Положив подушку на место и поправляя перед зеркалом волосы, она захотела вспомнить, чем была занята до головной боли. И, выйдя на крыльцо, она вздохнула примирённо, вроде бы побеждённая.

— Бедный мой отец, он только на Симона не нашёл управу… Стол ему для тенниса заказали, особый, правительственный заказ.

Симон сто лет проживёт. Симон проживёт сто лет, а нам и наших пятидесяти достаточно. Ворон живёт пятьсот лет. Коршун… коршун или ястреб?.. Ворон пятьсот лет живёт, ястреб — сорок. «Ха, пятьсот лет падалью питаться, очень надо!» — сказал ястреб.

Собака во дворе исходила злостью и лаяла на кого-то, кто был внизу. Скотины поблизости не было, людей тоже, Адам зашёл в дом — на кого же это она лаяла? Да, собачья похлёбка на огне ведь, забыла совсем. Нельзя так, нельзя, когда-нибудь эта боль ударит — убьёт её, надо лечиться.

— И чего тебе, пёс, надо, ты-то что с ума сходишь?

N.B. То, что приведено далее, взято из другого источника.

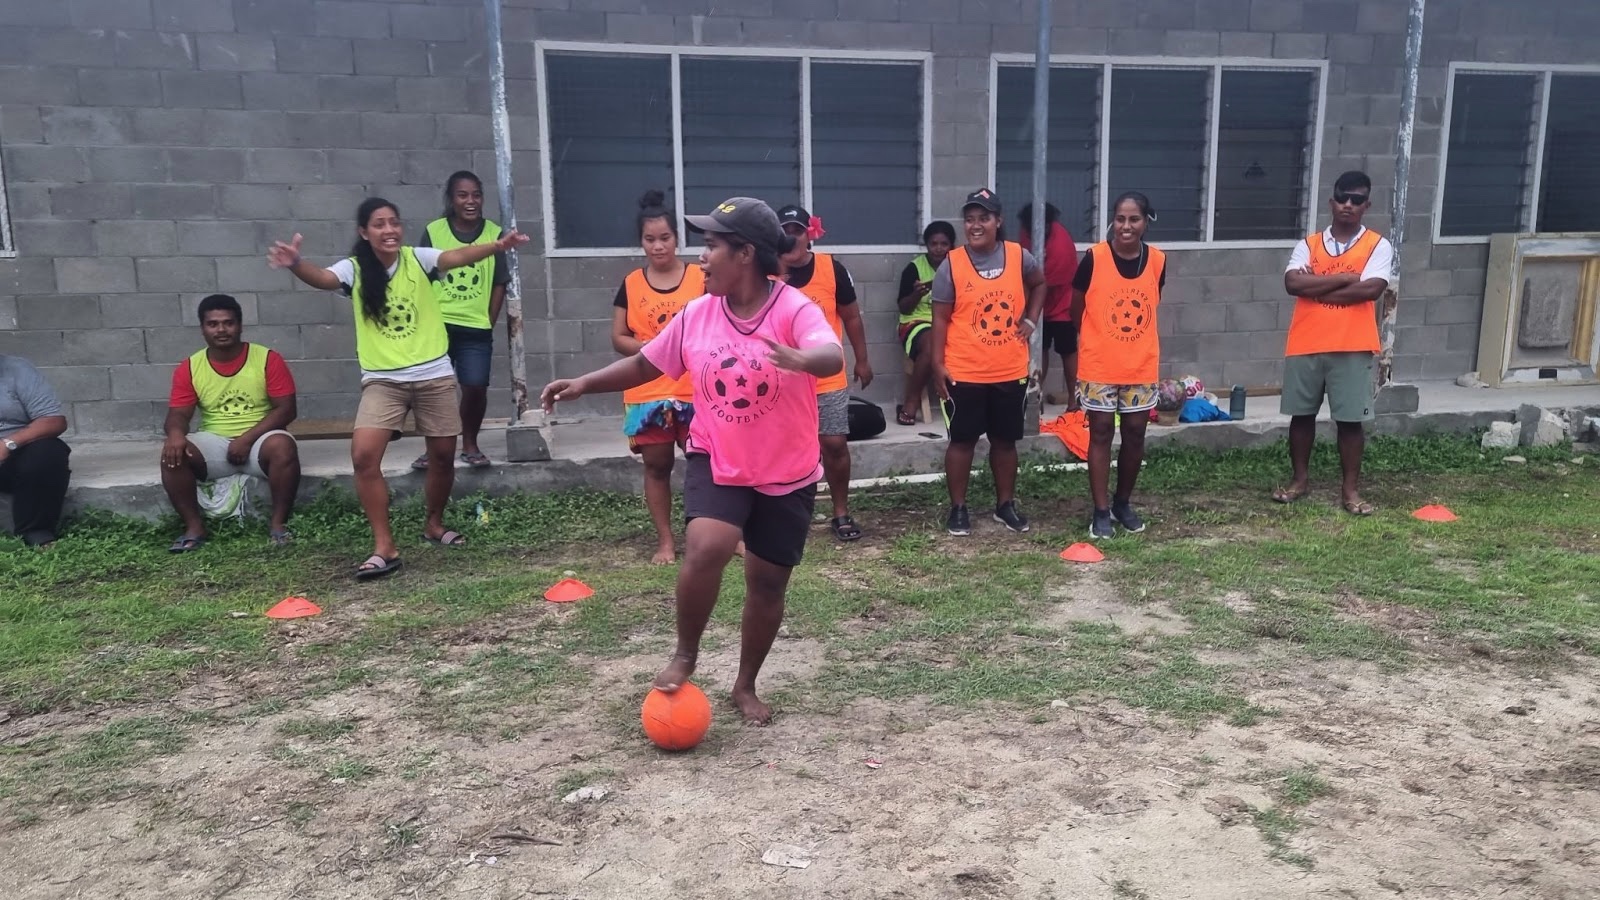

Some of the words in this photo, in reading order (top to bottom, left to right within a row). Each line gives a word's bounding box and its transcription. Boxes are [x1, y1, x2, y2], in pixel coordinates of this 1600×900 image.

[444, 287, 482, 300] FOOTBALL
[976, 290, 1005, 307] SPIRIT
[648, 301, 676, 319] SPIRIT
[710, 403, 774, 425] FOOTBALL

Внизу был Адамов дом, овраг, каменная гряда, дуб, дальше — лес. На опушке леса виднелась чёрная корова. Развяжи пса — в минуту окажется возле коровы. Агун налила собаке похлёбку, но та, обрывая цепь, рвалась к лесу. Собаки этого дома всему живому враги. Та, что до этой была, умерла от разрыва сердца, не собака была — мотор, так и клокотала, так и кипела сама в себе. А ещё прежде был Чамбар — этот в одиночку бросился на волчью стаю, искусал-потрепал волков, а потом они его самого в клочки разодрали. Собаки этих людей от силы три-четыре года держатся. Они с Симоном уже штук семь поменяли за это время (хотя у Адама, к примеру, всего лишь вторая собака, а у свекрови как был Басар, так и остаётся, добрый, спокойный, ленивый, не пёс — осёл).

Собака навострила уши и подождала — за каменной грядой показался Симон. Медленными — так что сердце у тебя готово было выпрыгнуть из груди, — медленными неуверенными шагами продвигался он по тропинке. А куда спешить, спрашивается, вот он, дом, сейчас доберёмся до него, торопиться нам ни к чему. Инвалид войны Воскан, поспорив с кем-то на две бутылки, с двухпудовой глыбой каменной соли от Манаца аж до самого Ванкера допёр, вы на этого поглядите, как он вышагивает.

И, приставив руку ко лбу козырьком, Агун сказала ему заботливо, как бы сказала его мать:

— Тише, тише иди, ноги устанут, куда торопиться-то.

С большой головой на плечах — из-за гряды показался Серо, потом вдруг остановился и сел на землю. Перед дождём и после выпивки Арменак морщится от боли в ногах, а всё из-за этого прекрасного отца, который три-четыре года держал ребёнка в резиновых постолах. Она говорила ему: «Эта резина угробит ребёнка, Симон», а Симон ей: «Что, износилась уже?»